The Eye and the Sky: Machian Themes (Part One)

The series which we begin here has been rather difficult to write (just even to begin), following on from the last. The difficulty is as much conceptual as it is existential. I am proceeding slowly, painfully, and, I must frankly admit, uncertainly. I do not know exactly where I will end up. Perhaps having painted myself into a corner. But I suppose the very purpose (at least in my own mind) with this blog is to be a kind of journal of my own reflections on the very fraught subject of a future science of the UFO phenomenon, but, crucially, one that proceeds free of the dogmas of our age (materialism and spiritualism being the two poles of our peculiar and perhaps long-standing conceptual dogmatism). This science does not exist, and so as I understand my role here, I must be one who attempts to bring it into being. But I am not a scientist. I am, if anything at all, an essayist of a philosophical persuasion, perhaps in the spirit of Sir Francis Bacon. Or at least I may inspire a Bacon to emerge from the shadows, to essay us into the future of this young subject (even after seventy-odd years, we have only managed to compile a record of a phenomenon; only now are we trying to collect evidence of unassailable provenance with which we may, I hope, conduct the next and most important stage of our science: the stage of theory, buttressed by experiment). 

My intention with this posting is not to write a definitive statement concerning the problem of relating matter and mind in the context of a scientific approach (attempted) to the UFO phenomenon. It is, rather, to merely open up a line of inquiry that, perhaps, has remained obscured as the phenomenon gets herded together with all manner of paranormality and “high strangeness”. Reality—or whatever is, whatever it is—is a buzzing confusion of phenomena, hidden or obscured, sometimes apparent. But knowledge (and this is my dogma) is found only in the movement from that region of undisclosed non-knowing (where things are hidden or obscure, intuitive, at the edge of our awareness, or occupying that liminal zone of half known, half unknown) to the domain of the unhidden. Something is not known simply by virtue of its being unhidden, or apparent, or observed. To know is not just to see, or to experience—or even to conceptualize. To know is the purview of a science—knowledge is its essence—but by knowledge I mean appropriation: the forging of a concrete (and relatively stable) relation between two things: knower and known. This dynamic conjunction is knowledge. Outside of this relation there is nothing known at all—which doesn’t, of course, imply that there is nothing to be known, or that there is nothing apart from this relation. It most certainly does not mean that. It is a dual statement: an assertion of what constitutes knowledge as such, and where (and when) absolute agnosticism begins (and where and when it is to end).

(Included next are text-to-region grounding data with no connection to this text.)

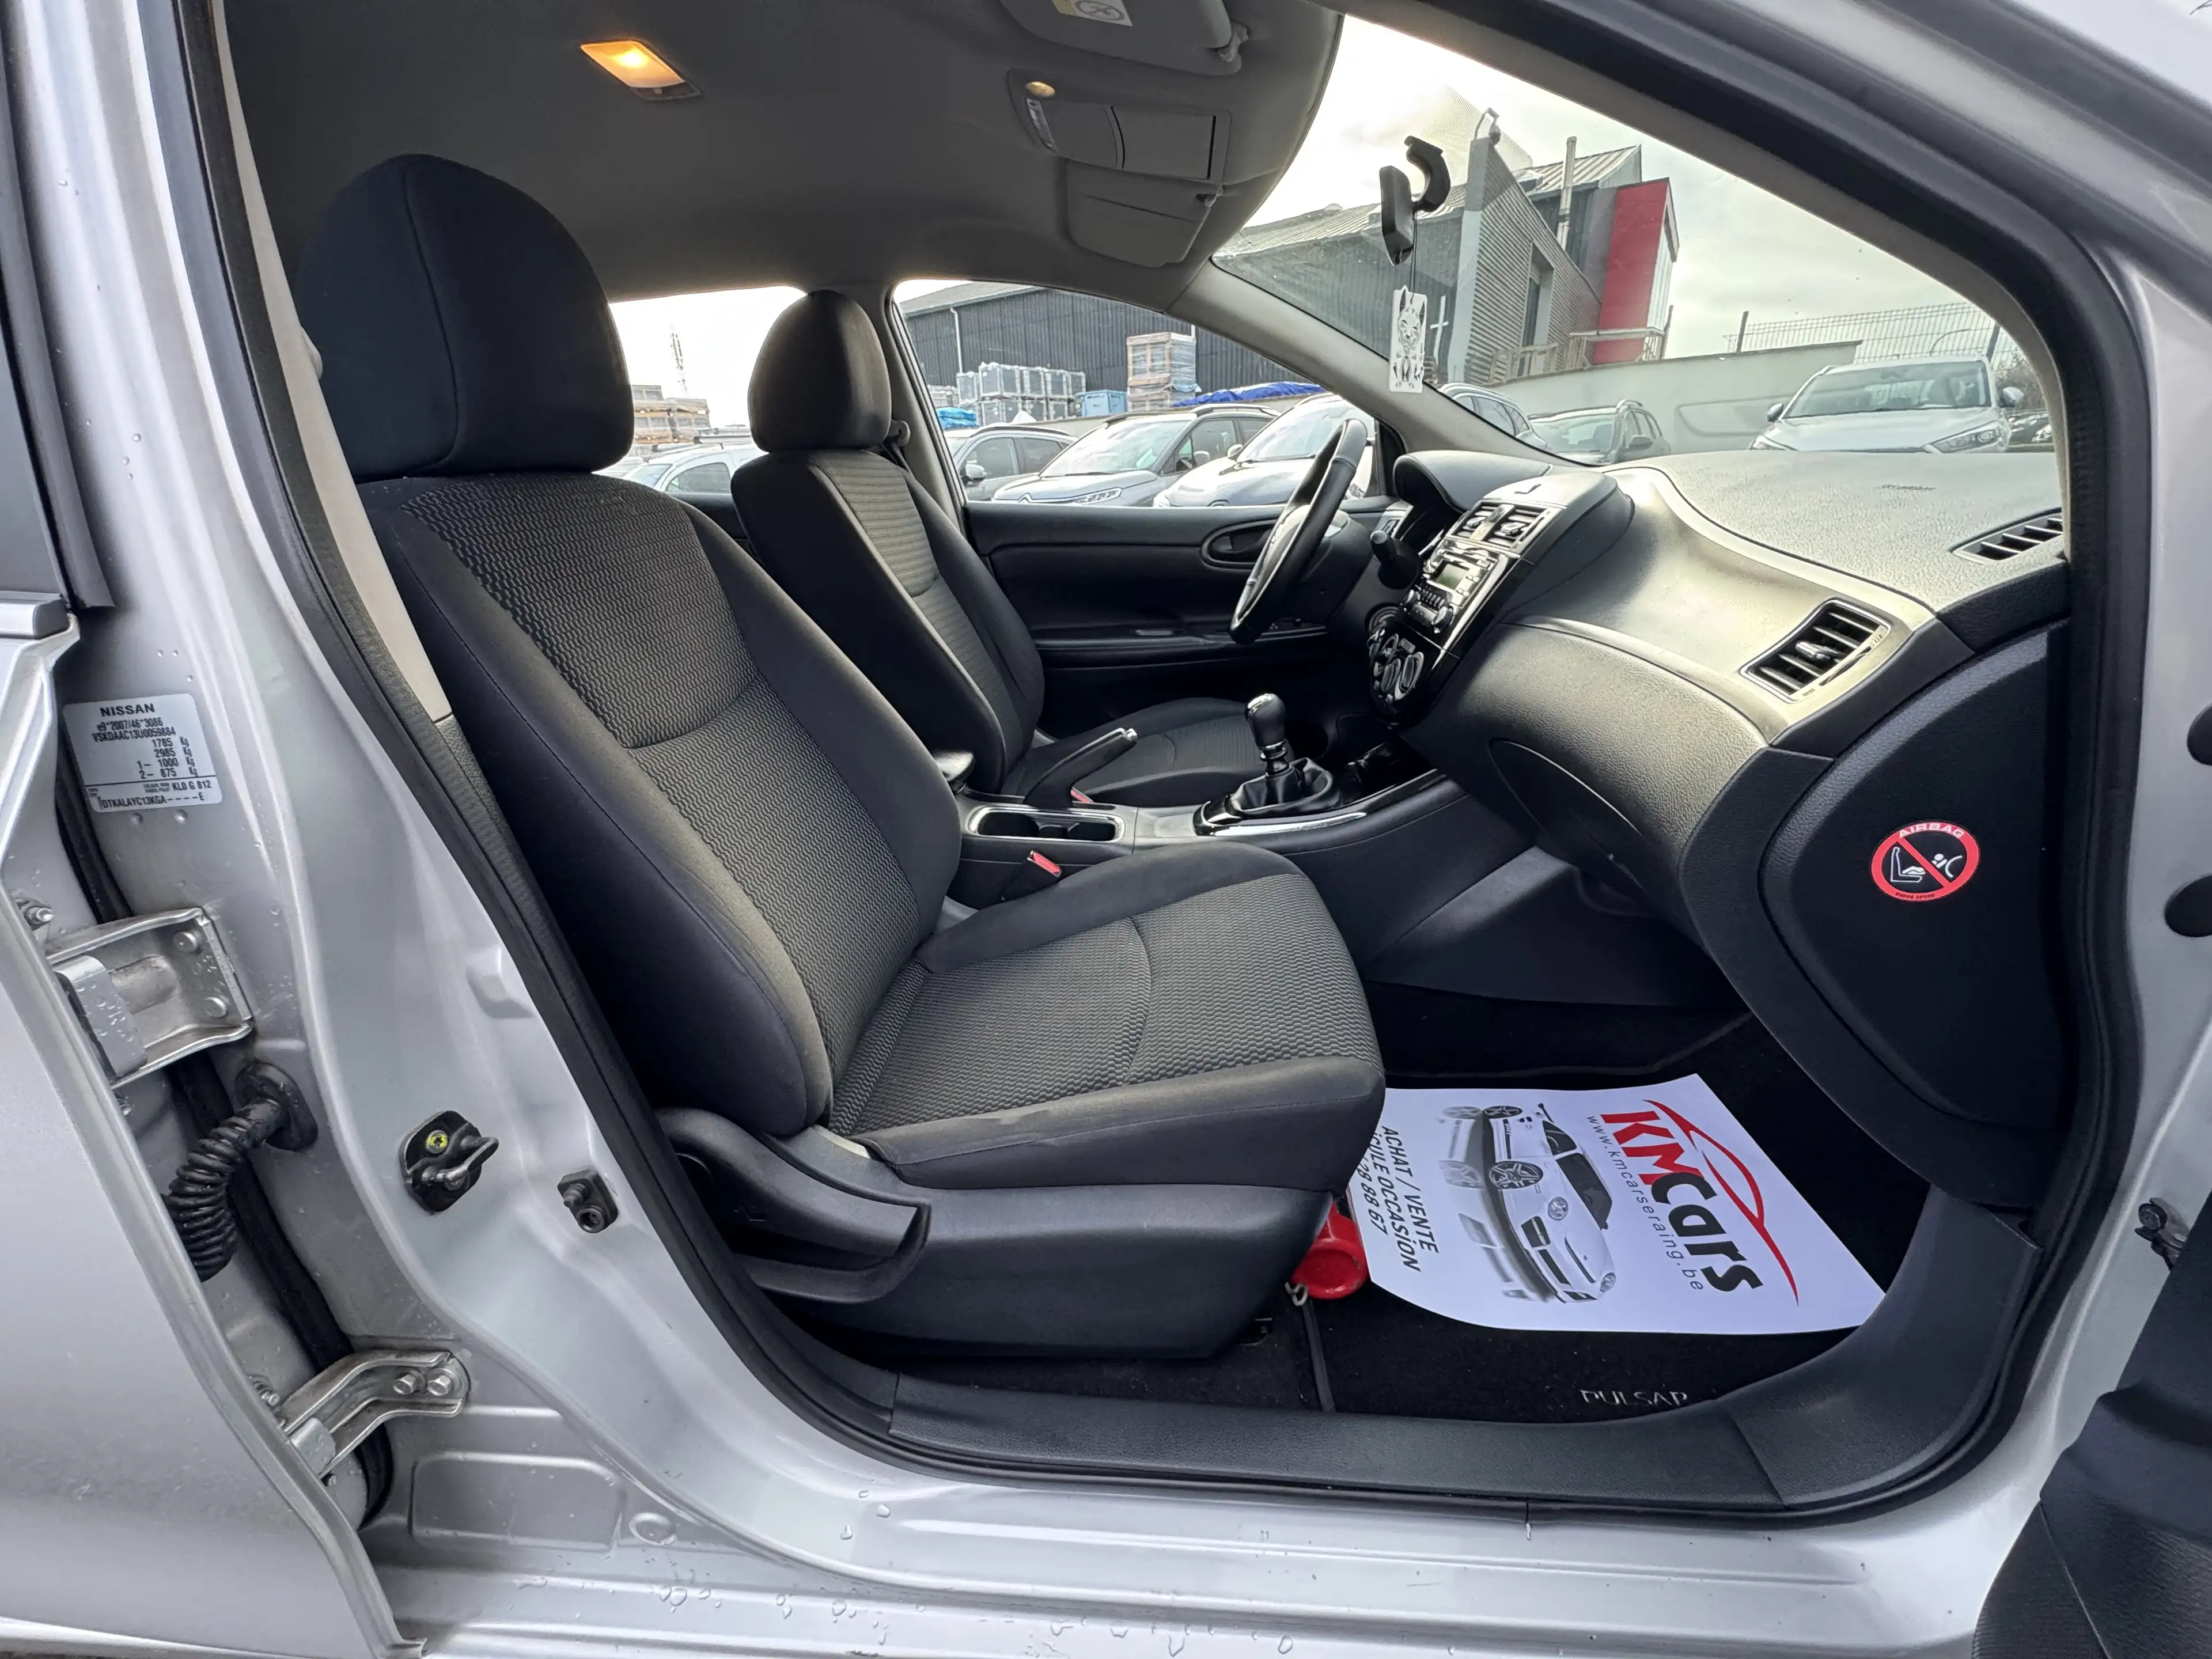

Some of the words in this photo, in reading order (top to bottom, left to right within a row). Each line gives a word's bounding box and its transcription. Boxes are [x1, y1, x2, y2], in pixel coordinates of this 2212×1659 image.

[100, 703, 155, 717] NISSAN
[151, 737, 173, 748] 1785
[179, 736, 190, 747] Kg
[154, 747, 176, 758] 2985
[182, 747, 192, 757] Kg
[157, 757, 179, 767] 1000
[185, 756, 195, 767] Kg
[160, 768, 177, 777] 875
[188, 766, 198, 777] Kg
[189, 781, 195, 790] G
[197, 780, 212, 790] 812
[1899, 823, 1965, 838] AIRBAG
[1361, 1182, 1380, 1208] 88
[1381, 1125, 1414, 1177] ACHAT
[1404, 1195, 1440, 1253] VENTE
[1586, 1115, 1704, 1290] www.kmcarseraing.be
[1600, 1111, 1764, 1291] KMCars
[1368, 1209, 1389, 1236] 67

In the course of this series of posts, I want to explore (and finally to posit) a heretical doctrine, one which I hope will help clarify how we must orient ourselves if ufology is to attain to the status of a science. (It may of course in time leave this doctrine behind, as all early sciences grow into their more mature forms and discharge their initial naïve but necessary doctrines which aided their climb out of pure speculative fancy to tested theory.) The doctrine is (or has been) even a heresy in theoretical reflection on conventional science—a doctrine, the philosophers of science will doubtless remind us, that has long been abandoned, and for good reason (or so we might have been told). It is the doctrine of positivism. But as I am not fond of the ‘ism’ per se, I will restrict it to perhaps the most profound (and largely forgotten—or dismissed) form of it: the positivism of Ernst Mach. It is remarkably subtle, flexible, adaptable, and—importantly—amenable to whatever may exist (as far as observation and experience will allow). The latter parenthetical remark is, of course, rather crucial as we make our way towards what perhaps even Mach would have considered heretical, and that is the paranormal—that dimension of the “psychical” in the UFO phenomenon that presents to ufology its deepest vexata quaestio.

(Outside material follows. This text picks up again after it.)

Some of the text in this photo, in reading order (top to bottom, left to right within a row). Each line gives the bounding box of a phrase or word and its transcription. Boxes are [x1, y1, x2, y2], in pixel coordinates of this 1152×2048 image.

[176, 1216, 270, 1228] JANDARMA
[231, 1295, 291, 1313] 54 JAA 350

Previously, we had undertaken a somewhat combative deconstruction of the attempted overcoming of “materialism” breezily (but frustratingly inadequately) addressed by a relatively new “neo-gnostic” ufological writer, Joshua Cutchin. We did this by looking at the opposition between matter and “consciousness” from a playful Hegelian point of view, seeing that the opposition dissolves in favor of a deeper unity. But, crucially, we discovered that this deeper unity is not a unity between mind and matter! Both those categories are not so much overcome by synthesizing them into some kind of a unity, so much as they are simultaneously superseded by returning to the unity of a field of experience in which “mind” and “matter” are simply aspects of something which is itself neither mental nor physical—but infinitely plural, and hence admitting of any number of empirical relations between those aspects of nature which we would, conventionally, choose to distinguish (and we do so for various reasons specific to the scientific work we want to accomplish).

The critique I offered leads to a certain philosophy of science that is, I must admit, underwritten by a rather idiosyncratic philosophical foundation: an infinite pluralism that can be explained in the terms of Spinoza’s philosophy, reinforced by William James’ “radical empiricism”. Though I draw on Spinoza and James, I believe what I am saying is not just a synthesis of these two thinkers, but a step away from both. (But I have to leave that to others to judge. I cannot say so myself.)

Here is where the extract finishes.